Biomedical research offers a clear example. Medical science and technology have become a focal point of global technological competition. Breakthroughs in advanced medical devices, biomedical materials and AI-assisted healthcare require highly specialized professionals with integrated expertise in medicine and engineering.

However, China faces multiple bottlenecks in cultivating such talent. Compared with the long-standing accumulation in developed countries, training systems for medical-engineering integration started relatively late in China. While training models are diverse, unified standards are lacking and training quality remains uneven.

Traditional medical universities usually have limited engineering capacity due to their disciplinary structures and program layouts, resulting in insufficient cross-disciplinary strengths. Although some comprehensive universities can integrate multiple disciplines to foster high-end talent, their influence and coverage are limited.

The persistent faculty shortage for interdisciplinary medical-engineering programs is another constraint.

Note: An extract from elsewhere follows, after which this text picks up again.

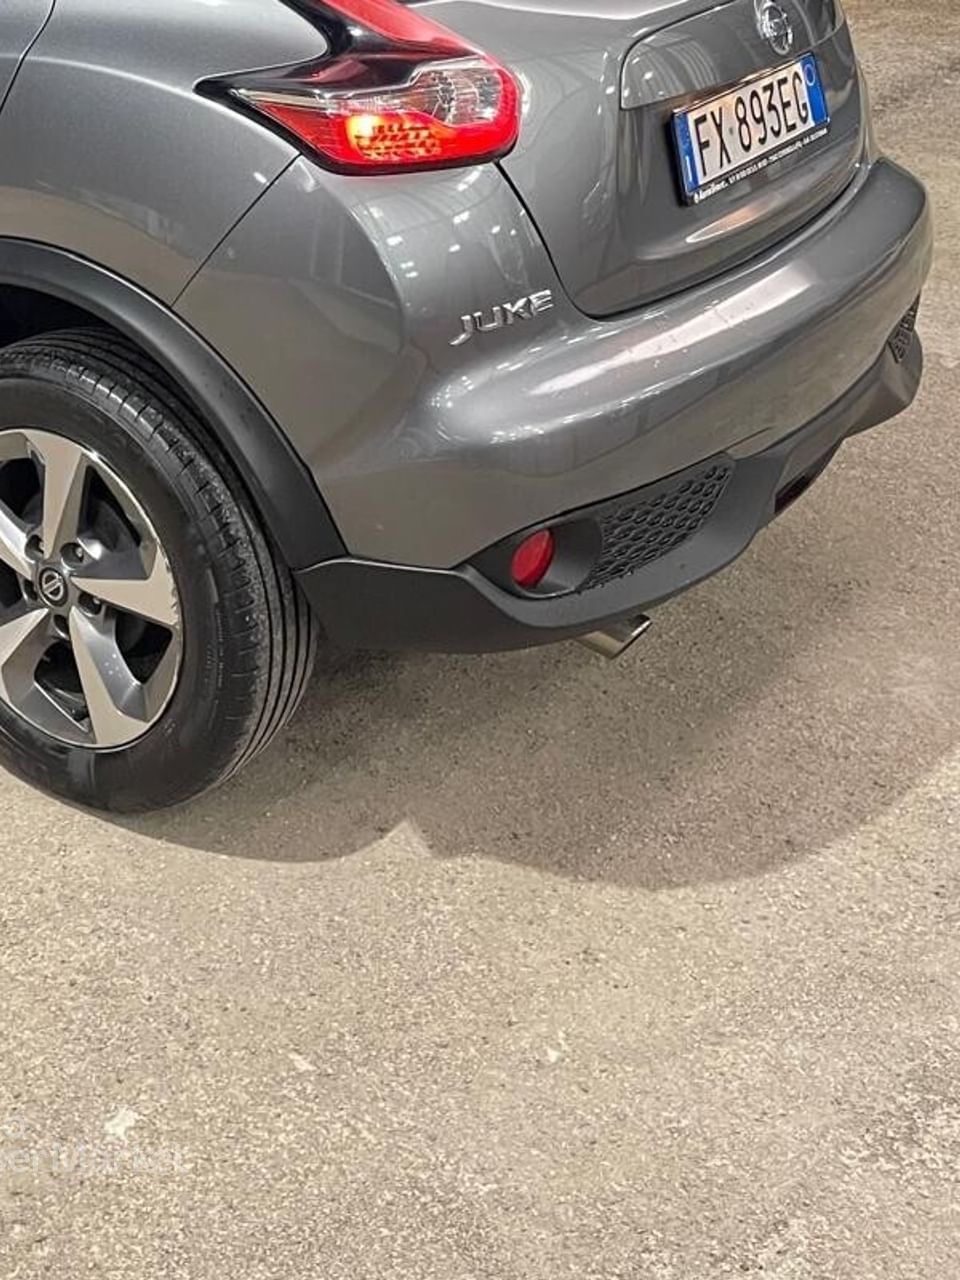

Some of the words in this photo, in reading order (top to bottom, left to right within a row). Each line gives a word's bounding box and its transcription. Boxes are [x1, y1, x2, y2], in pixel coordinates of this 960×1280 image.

[694, 106, 731, 177] FX
[734, 71, 809, 153] 893EG
[450, 289, 554, 346] JUKE
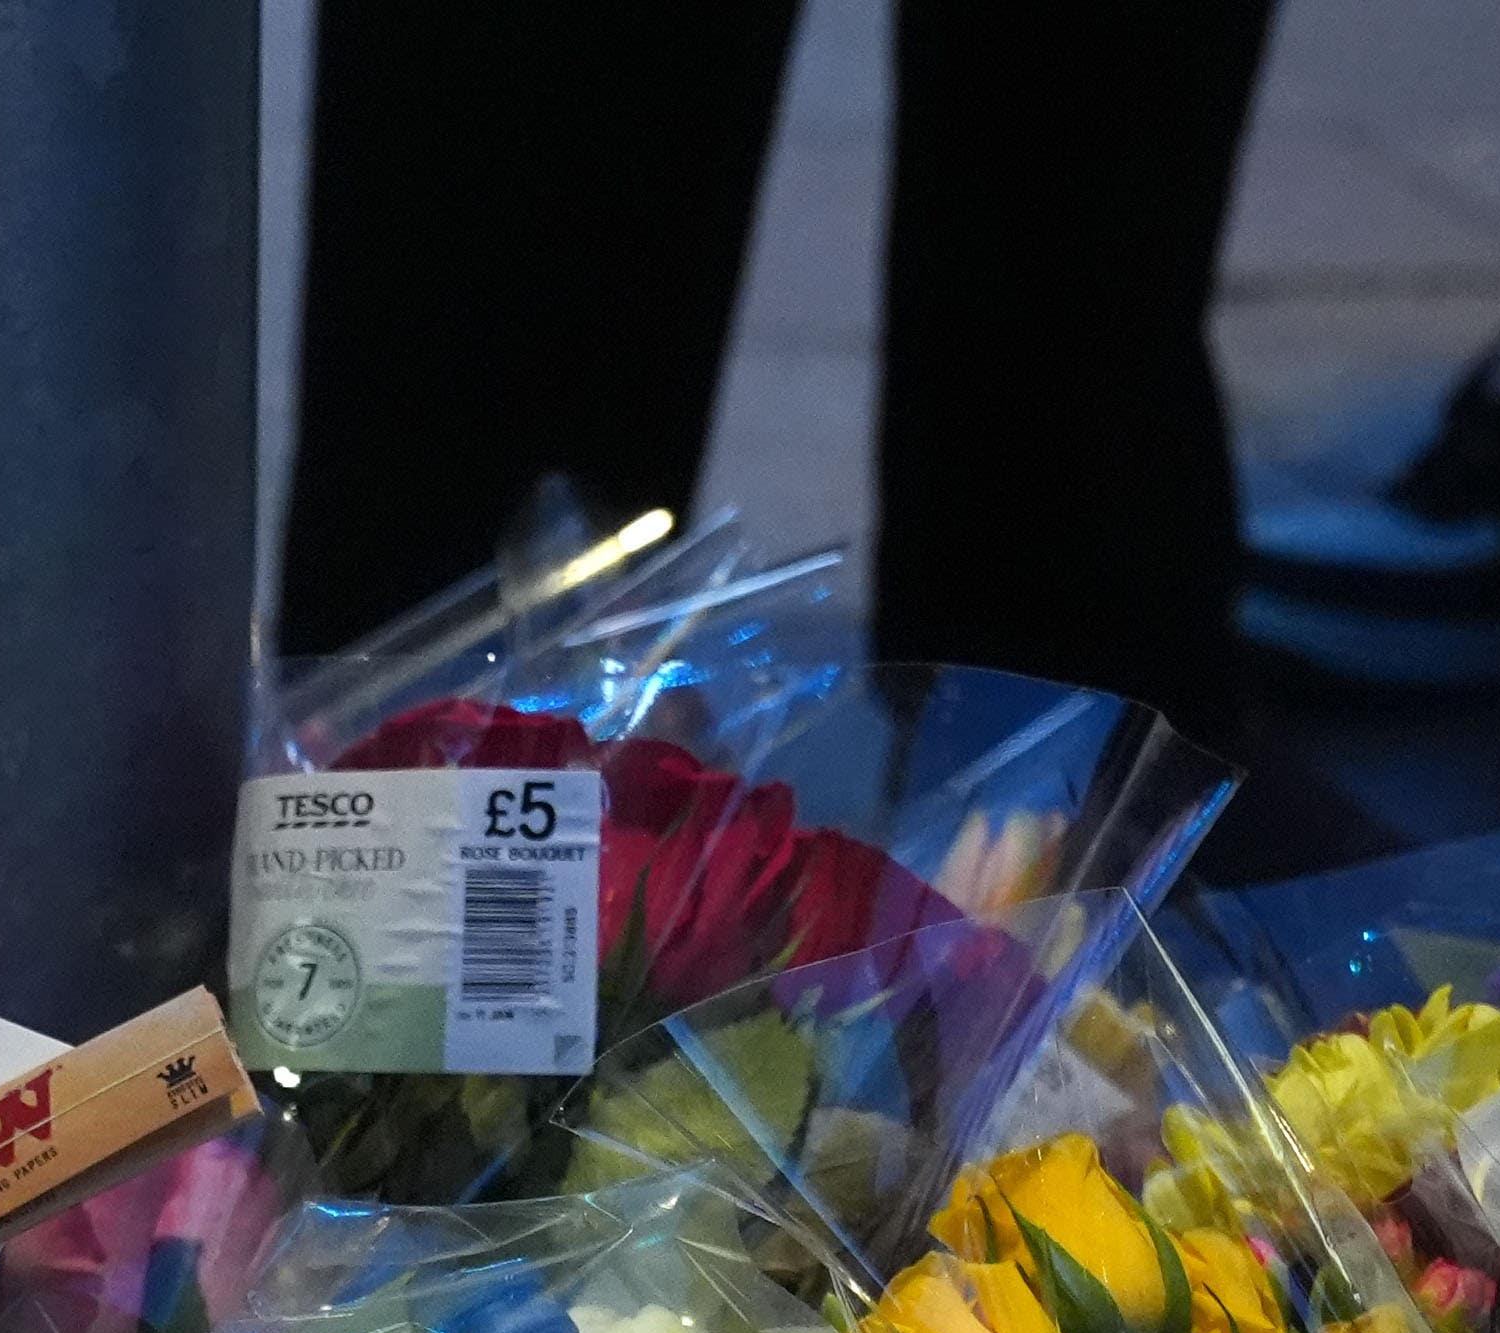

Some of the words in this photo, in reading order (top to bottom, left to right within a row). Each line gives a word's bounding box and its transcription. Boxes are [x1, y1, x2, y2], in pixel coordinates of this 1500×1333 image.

Data show that only about 12 percent of teachers in this field have both dual-disciplinary and dual-practice backgrounds and are able to independently offer interdisciplinary courses and supervise practical projects. Moreover, compared with the elite-oriented medical education systems in developed countries, China's medical education is transitioning from scale expansion to quality improvement, but gaps remain in per-student investment, funding sources and the share of spending on equipment and practical training.

In this context, it is advisable for relevant authorities, including the Ministry of Education, the Ministry of Science and Technology, the Ministry of Finance and the National Health Commission, to jointly introduce supportive policies to increase funding for interdisciplinary talent training, strengthen the development of cross-disciplinary faculty teams and expand investment in interdisciplinary research.

It is also essential to deepen mechanisms for industry-university-research collaboration and smooth the linkage between university research outcomes and enterprise markets. In many cases, the cooperation between universities and enterprises remains superficial. It is limited to short-term arrangements such as order-based training or commissioned research projects, rather than long-term strategic collaboration rooted in industrial chains.

Enterprises are not sufficiently motivated to participate deeply in university talent training and research planning, while the complementary advantages of academic research resources and market resources have yet to be fully realized. As a result, many research achievements remain confined to laboratories, failing to translate into tangible contributions to industrial upgrading and economic growth.

Therefore, it is recommended that the government take the lead in introducing policies that support universities and enterprises in jointly establishing platforms such as industry colleges and future industry research institutes, thereby promoting deep integration of education, research and industry. Such platforms would enable joint planning of frontier technology research and talent cultivation.

Meanwhile, closer alignment with regional industrial planning is needed, with a focus on regionally distinctive advanced manufacturing and green industries. The establishment of regional technology transfer centers can provide technical support for small and medium-sized enterprises, facilitating the upgrading of regional industrial clusters and fostering more dynamic innovation ecosystems.

The author is a professor of the School of Medicine at Fuzhou University and a deputy to the 14th National People's Congress.

The views don't necessarily represent those of China Daily.